Writing the biography of an economist of Milton Friedman’s stature, someone who invented so many important theories, theories that have (permanently) influenced public policy, someone who earned the recognition of his peers, someone whose once deemed “crazy” ideas have become “commonplace,” someone who, well “into the twenty-first century, … remained a favorite target of political attacks” (p. 474), is clearly a huge, impressive task. Only a scholar who has the kind of distance that comes with long and assiduous contact with his ideas can meet it. Such is the case of Jennifer Burns. A professor of history at Stanford and a research fellow at the Hoover Institution (where Friedman held a position at the end of his career), she has spent years—in fact, “nearly a decade” (p. 11)—in Friedman’s “voluminous archive” (p. 11), studying his life, analyzing his work, tracing its origins, establishing connections with the work of other economists, and contextualizing it (in particular around key moments) to give it a historical dimension. The result is undoubtedly a success. In nearly 500 pages and fifteen chapters, obviously well documented, perfectly written, without too many technicalities, Jennifer Burns takes us through Friedman’s life and academic career, and gives a clear idea of the man, the economist, the thinker, of his qualities, of his ambiguities and hesitations.

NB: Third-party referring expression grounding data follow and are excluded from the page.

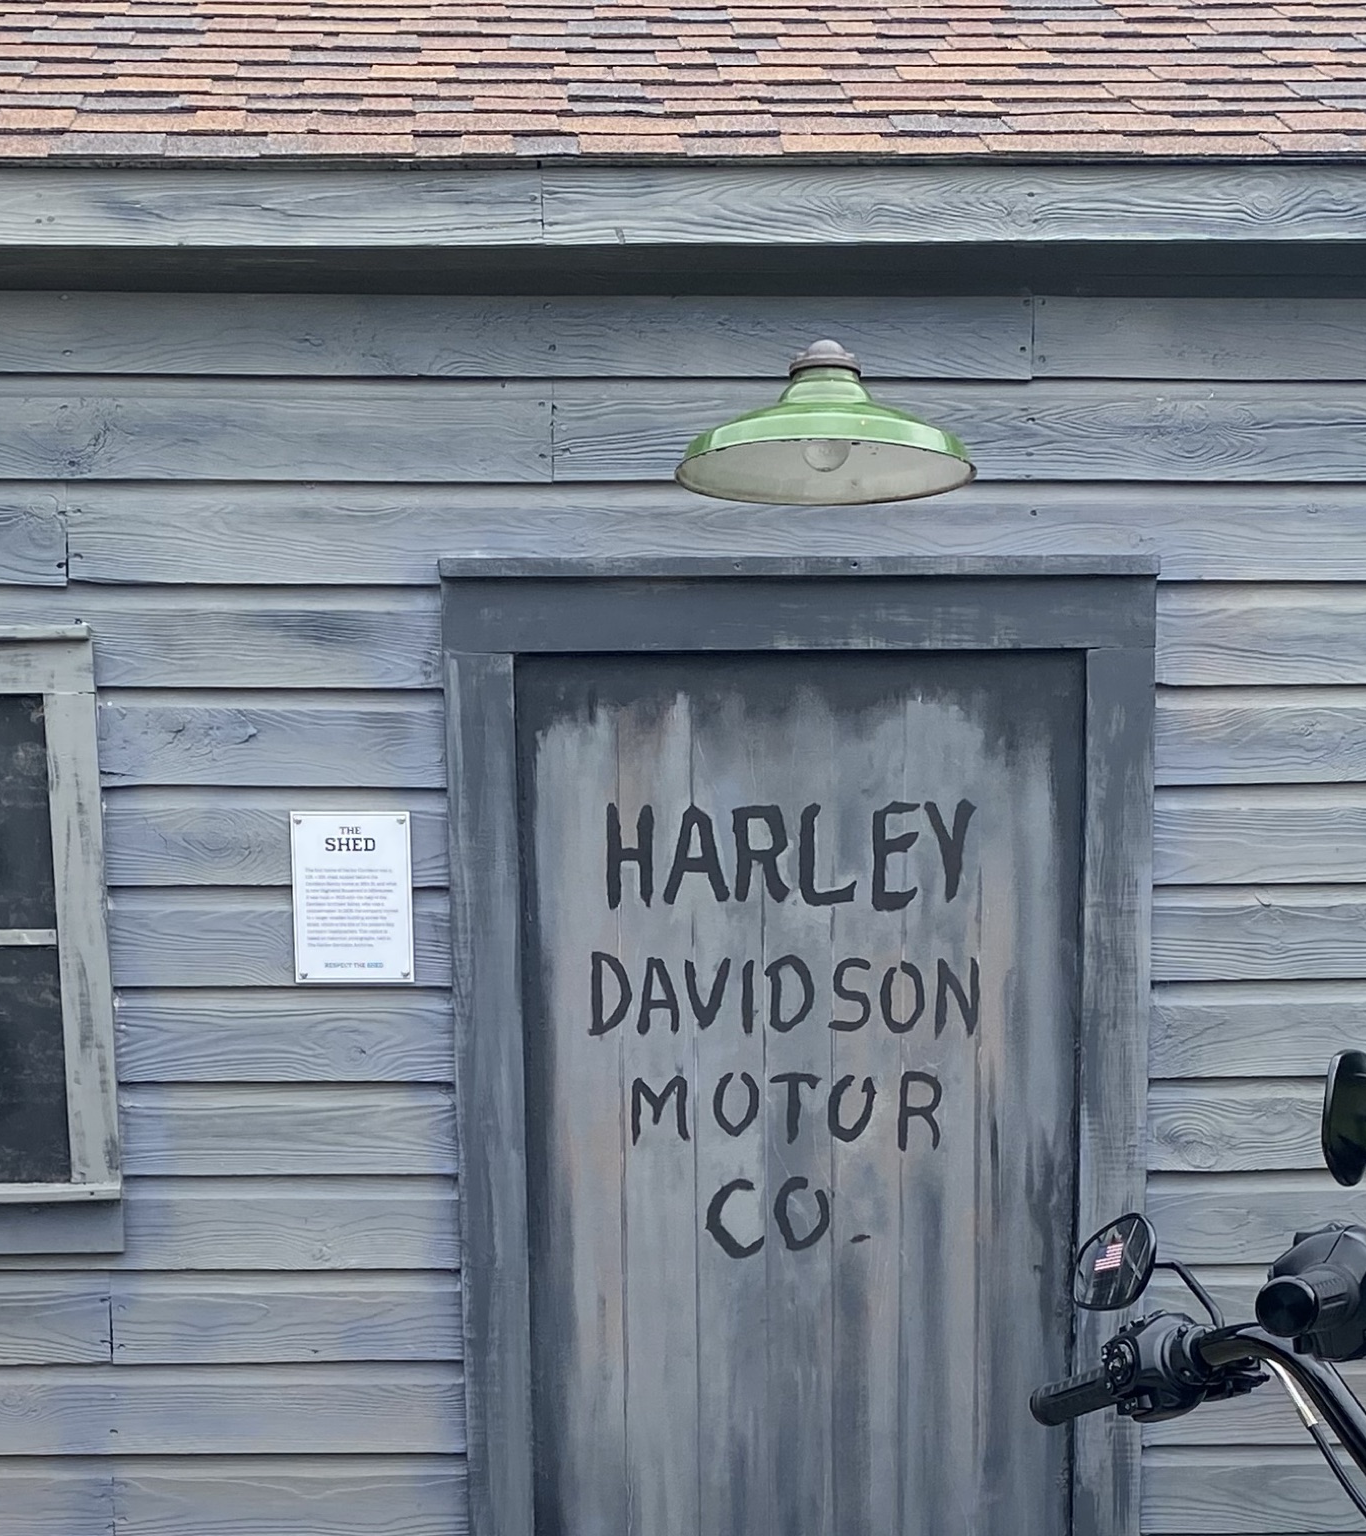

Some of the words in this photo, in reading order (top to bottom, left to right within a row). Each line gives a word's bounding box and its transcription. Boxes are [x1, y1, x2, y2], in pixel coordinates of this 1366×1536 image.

[325, 838, 376, 852] SHED
[339, 826, 362, 835] THE
[606, 799, 976, 911] HARLEY
[588, 951, 980, 1038] DAVIDSON
[632, 1071, 943, 1151] MOTOR

The book starts with the years Friedman spent at Rahway High (NJ) and finishes with the memorial service organized by the University of Chicago in early 2007 (Friedman passed away on November 16, 2006). We see Friedman learning economics, at Chicago precisely, in the 1930s with Jacob Viner, Henry Simons, or Frank Knight. We also see him being confronted with the New Deal during the mandate of Franklin D. Roosevelt. We go with him at the Cowles Commission, and follow him during his rather short involvement with the Free Market Study project in 1946, and the birth of the combined study of law and economics, and then when he worked on the monetary history of the USA, on the theory of consumption, or on the Phillips Curve. We learn how important women were in Friedman’s career, his “secret weapons” (p. 202): his wife, Rose Director Friedman; Anna Schwartz, his “most important intellectual partner” (p. 13); Dorothy Brady; and Margaret Reid. Friedman benefitted from—“harness[ed]—their “intellectual firepower,” taking “advantage of another vast blind spot in economics: male chauvinism” (p. 202). And, also, Jennifer Burns even takes us with the Friedmans, Milton and his wife, Rose, to Chile, when Milton Friedman met General Pinochet. Burns does not overlook Friedman’s dark side but does not make unfounded assumptions. It is a quality of this biography.

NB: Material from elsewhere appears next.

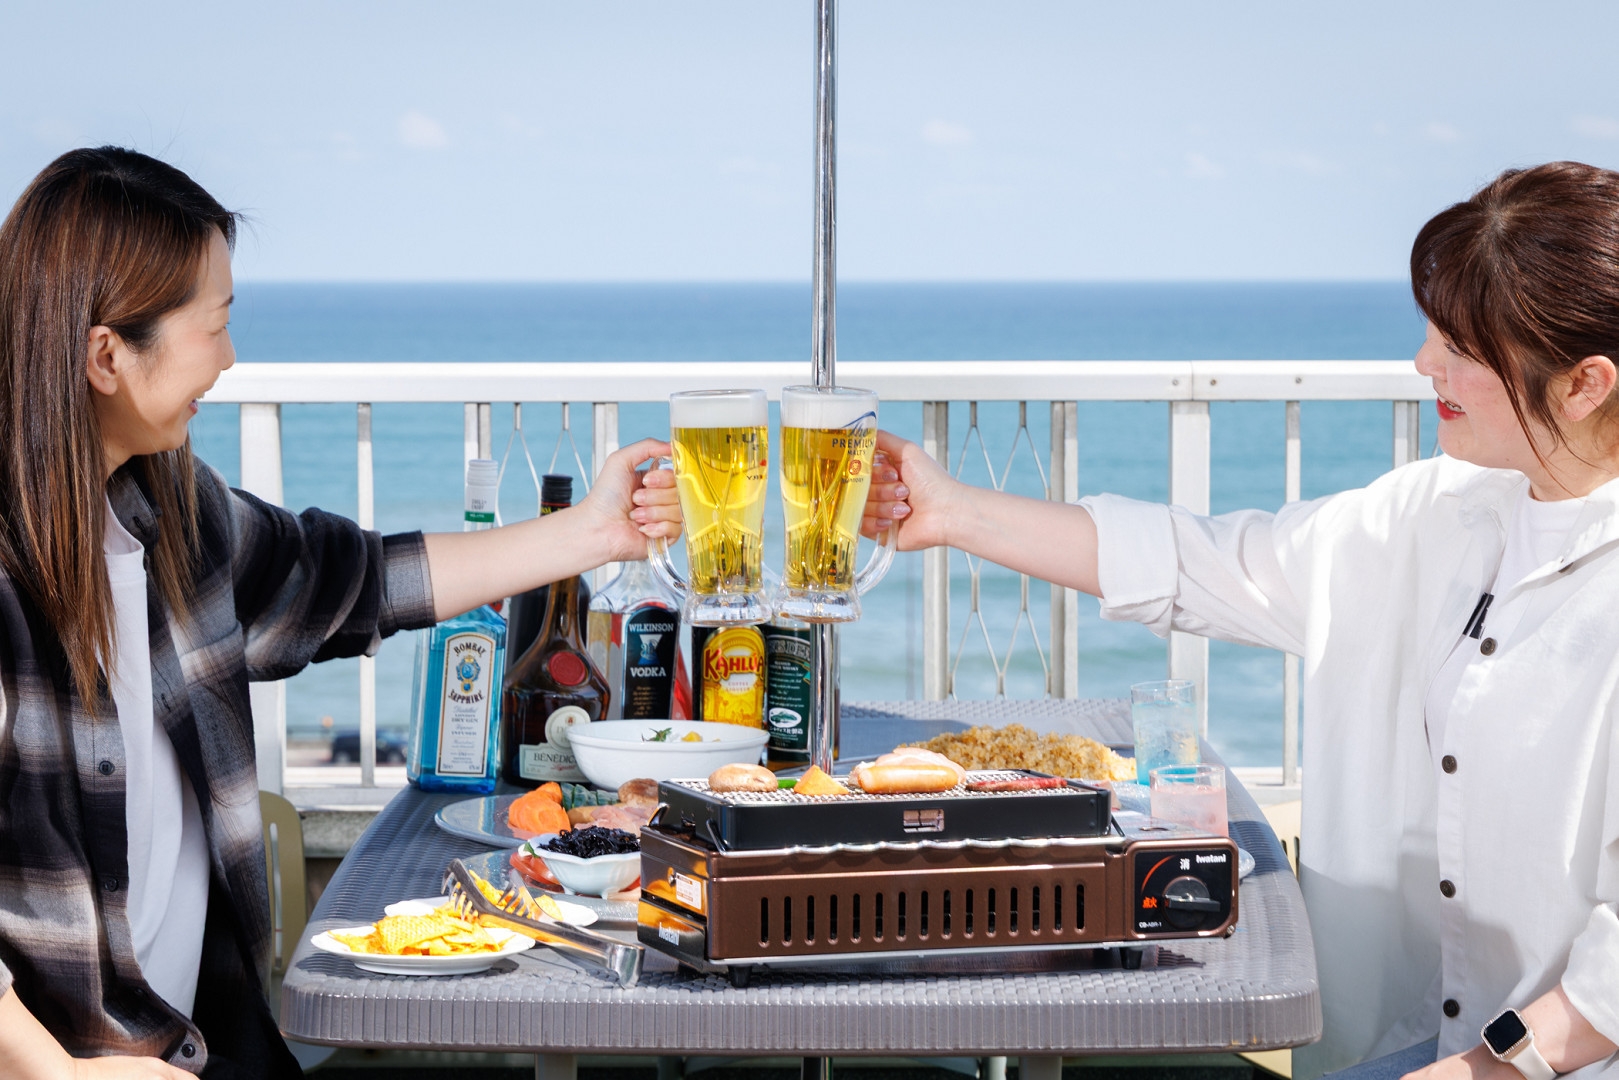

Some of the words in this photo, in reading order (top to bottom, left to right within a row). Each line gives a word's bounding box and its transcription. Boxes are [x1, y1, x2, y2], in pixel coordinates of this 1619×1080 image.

Another important quality of Milton Friedman. The Last Conservative is that its narrative is very clear. From the outset, Burns tells us around which message the book is built: Friedman “was more than an economist” (p. 4). He was a political economist, “among the last economists shaped by the dying tradition of political economy, which blended economic, social, and ethical questions” (p. 7). He thus did not use price theory to build economic theories only. He did not even “propose technical fixes to policy problems” (p. 6). Friedman, Jennifer Burns repeats many times in her book, developed “a political philosophy” (p. 163). More precisely, “he offered a philosophy of freedom” (p. 4). It was this philosophy that Friedman “called neo-liberalism in a 1951 essay he published in a Norwegian magazine, edited by a Mont Pelerin contact” (p. 179). This philosophy rests on a belief in the “price system—the free interaction of buyers and sellers” (p. 6) because it “could produce better social outcomes than the decisions of politicians and regulators” (p. 6). And that also entails the “explicit recogni[tion] that there are important positive functions that must be performed by the state” (p. 180). As in Henry Simons’s Reference Simons1934 Positive Program for Laissez Faire, the positive role of the state meant, for Friedman, promoting or defending individual freedom.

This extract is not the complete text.